Without copying the images, write out all the entries below verbatim.

[Opening INPUT DATA section]

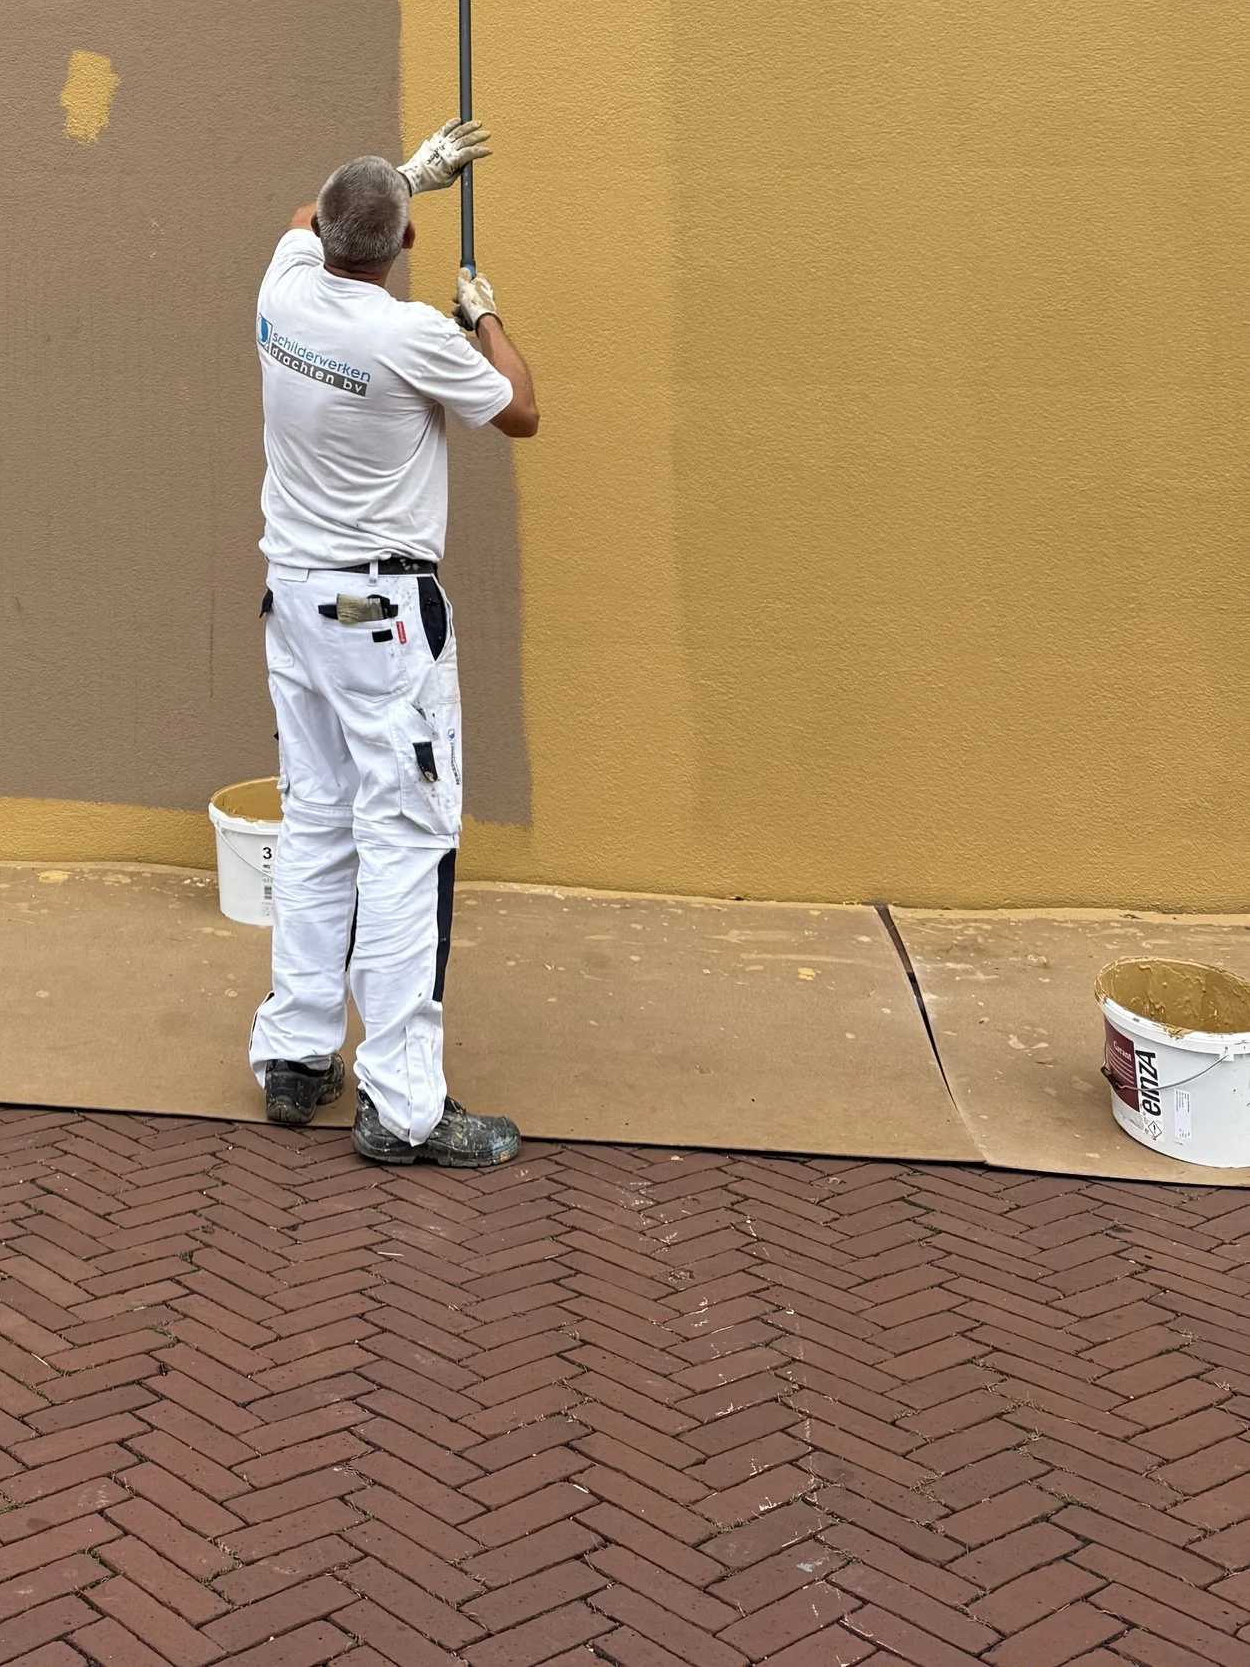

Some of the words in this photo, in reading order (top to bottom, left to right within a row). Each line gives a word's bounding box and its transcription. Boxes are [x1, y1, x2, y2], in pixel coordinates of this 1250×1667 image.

[271, 347, 335, 384] drachten
[343, 378, 363, 393] bv
[272, 333, 371, 382] schilderwerken
[262, 846, 272, 860] 3
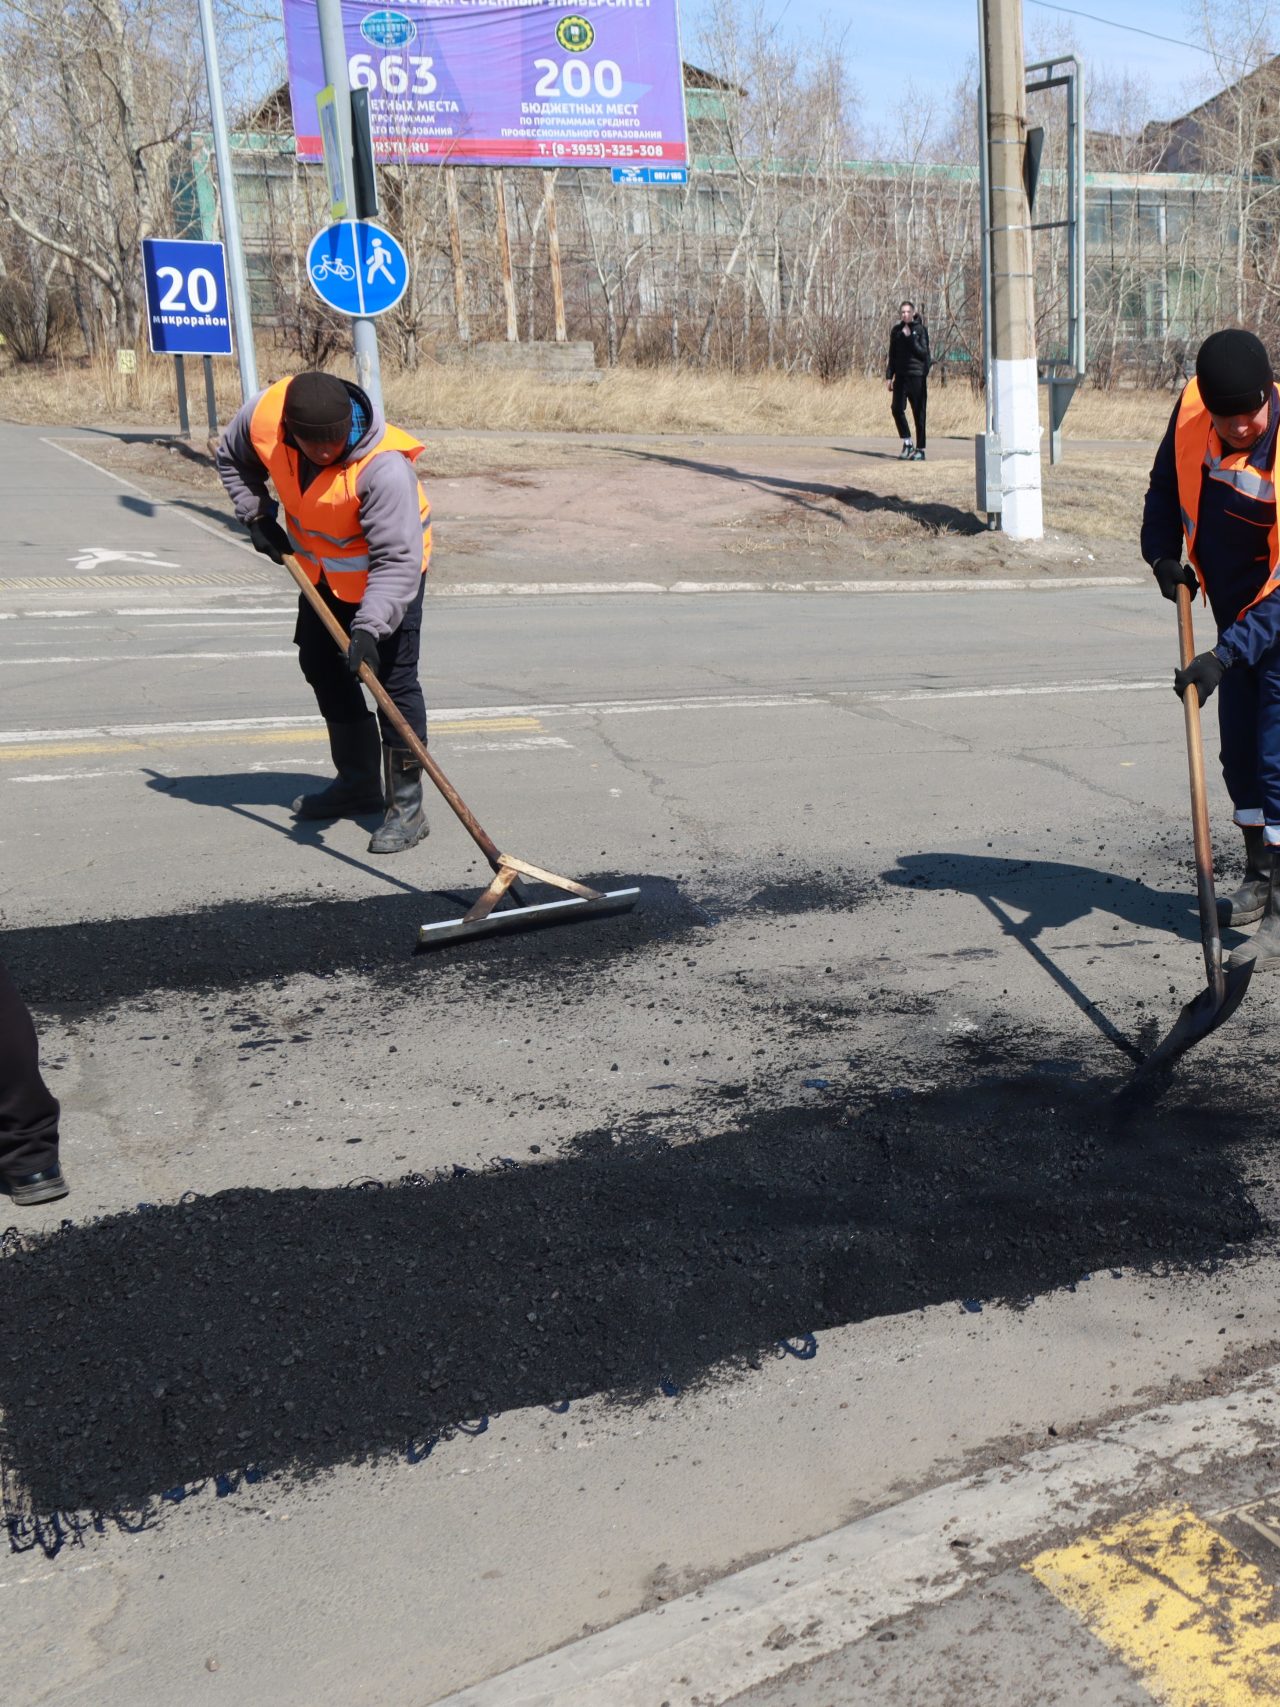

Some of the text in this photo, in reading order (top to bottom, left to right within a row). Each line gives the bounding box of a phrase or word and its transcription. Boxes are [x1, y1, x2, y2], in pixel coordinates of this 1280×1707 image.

[Closing INPUT DATA section]

*EXERCISE RESPONSE*.
Some of the words in this photo, in reading order (top to bottom, left to right within a row). Each line gives a word's bounding box and its transcription. Boxes are [x1, y1, x2, y2], in pixel coordinates of this 1250×1667 image.

[271, 347, 335, 384] drachten
[343, 378, 363, 393] bv
[272, 333, 371, 382] schilderwerken
[262, 846, 272, 860] 3

Some of the text in this photo, in reading order (top to bottom, left to right within a row). Each line gives the bounding box of a phrase or word and its transcription. Boxes are [x1, y1, x2, y2], in pixel coordinates of this 1280×1707 image.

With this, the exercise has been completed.